I need a hint on how to construct $B$ given $A$ , or at least how to prove that such $B$ must exist
Thanks
First of all, it's worth noting that your definition of "dense" is not the usual one.
The most obvious difference is the cardinality restriction; normally we just demand nonempty intersection. Note that e.g. under your definition, no countable set can be dense. The second difference is that really you're talking about $C$'s "density" with respect to itself rather than all of the ambient space $\mathbb{R}$. I think a better name for your property would be "uncountably dense-in-itself."
So we want to show:
(Note that we could drop the cardinality restriction on $A$: if $A$ is countable, take $B=A$ and note that the emptyset is vacuously uncountably dense-in-itself.)
The key point is that we want to build $C$ from $A$ by throwing away the "bad points." Your example follows this: $A$ isn't uncountably dense-in-itself yet, because of the isolated point $2$, so we "throw it away" to get $C$. To solve the problem, we need to do two things:
Figure out precisely what "bad point" means.
Show that there are only countably many "bad points."
The right notion of "bad point" isn't hard to come up with: we say that $a\in A$ is bad if there is some open interval $I$ containing $a$ such that $I\cap A$ is countable. The interesting part is showing that there are only countably many bad points. For this, I have two hints:
Show that we can restrict attention, in the definition of "bad point," to intervals $I$ of the form $(p, q)$ with $p, q$ rational. Note that there are only countably many rationals, hence only countably many intervals of this form.
Call an interval $I$ with rational endpoints bad if $I\cap A$ is countable. Then every bad point is contained in a bad interval. Now, how many bad points can a given bad interval contain? And since there are only countably many bad intervals, what does this say about the total number of bad points?
There is one slight subtlety in the above approach. We've focused, in the definition of "bad point," on intervals with rational endpoints rather than intervals of the form $(a-\epsilon, a+\epsilon)$. This let us count the relevant intervals. It's a good exercise to convince yourself that this was an important thing to do.
It's worth noting that a related problem poses an interesting new difficulty.

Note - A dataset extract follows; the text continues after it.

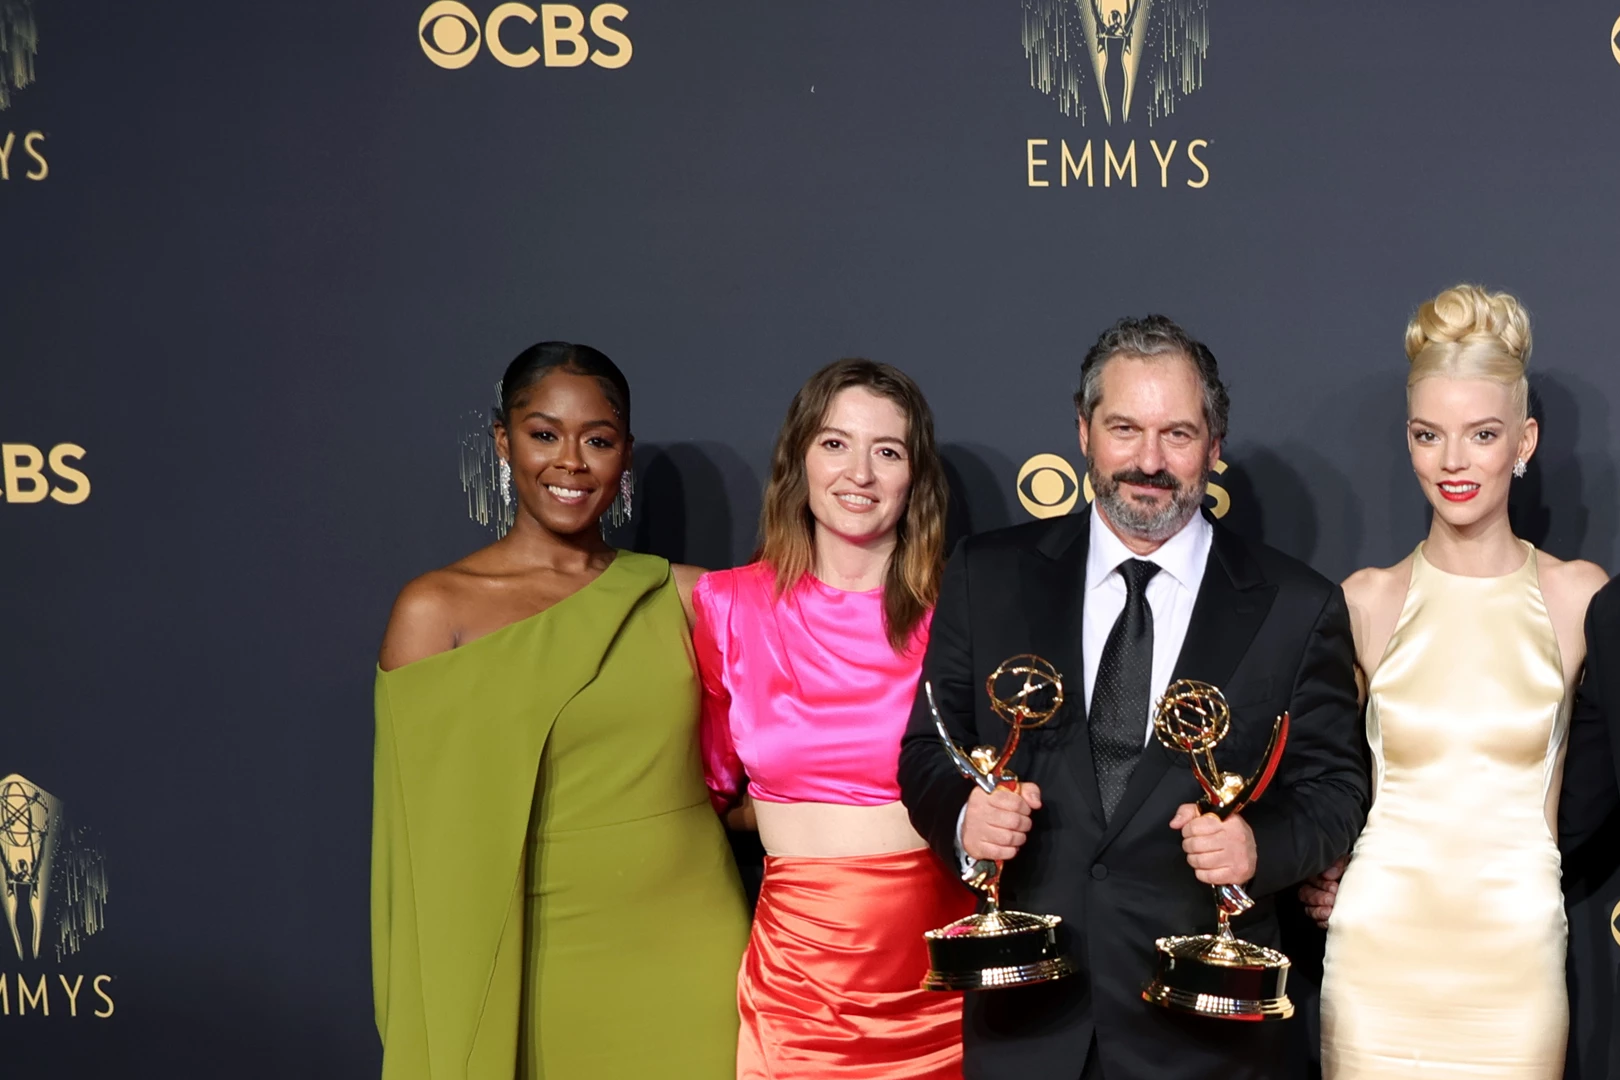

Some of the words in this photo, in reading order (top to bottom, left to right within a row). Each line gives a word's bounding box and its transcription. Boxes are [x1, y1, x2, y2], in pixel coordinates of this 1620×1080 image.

Suppose we drop the uncountability requirement: a set $A\subseteq\mathbb{R}$ is dense-in-itself if for every $a\in A$ and open interval $I\ni a$, we have $I\cap (A\setminus\{a\})\not=\emptyset$. Then the claim is:
(As before we can drop the requirement that $A$ be uncountable.)
At first glance this seems easier: we just want to throw away the isolated points of $A$, and it's easy to show that there are only countably many of these (use the rational interval trick again). However, we run into a problem: there may be non-isolated points of $A$ which become isolated after throwing away the isolated points! E.g. take $$A=\{0\}\cup\{{1\over 2},{1\over 3},{1\over 4},...\}.$$ $0$ is not a limit point of $A$, but once we throw away all the non-limit points of $A$ we are left with just $\{0\}$, which is now a limit point.

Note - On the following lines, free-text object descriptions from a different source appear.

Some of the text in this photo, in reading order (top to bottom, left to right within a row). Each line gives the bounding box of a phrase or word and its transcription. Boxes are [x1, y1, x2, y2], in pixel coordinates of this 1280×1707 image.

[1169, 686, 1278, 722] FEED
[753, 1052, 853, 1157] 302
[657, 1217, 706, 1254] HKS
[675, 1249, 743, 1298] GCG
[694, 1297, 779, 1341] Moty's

(If you like, add "$[17,200]$" to the $A$ defined above to make it uncountable. My point isn't about cardinality, though, it's about the way points can be arranged in a set.)

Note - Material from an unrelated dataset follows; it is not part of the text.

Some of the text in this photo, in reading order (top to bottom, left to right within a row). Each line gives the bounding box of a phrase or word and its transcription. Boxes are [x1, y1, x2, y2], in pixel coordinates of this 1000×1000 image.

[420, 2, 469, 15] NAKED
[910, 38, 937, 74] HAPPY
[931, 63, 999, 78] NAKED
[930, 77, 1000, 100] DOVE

We need to keep throwing away isolated points over and over again - in fact, infinitely often. This process is the Cantor-Bendixson derivative, and to solve this problem you'll wind up going through the Cantor-Bendixson theorem that every closed set can be written as the union of a countable set and a perfect (= closed with no isolated points) set. (Note that this doesn't immediately solve the problem above, since there is no requirement that $A$ be closed!)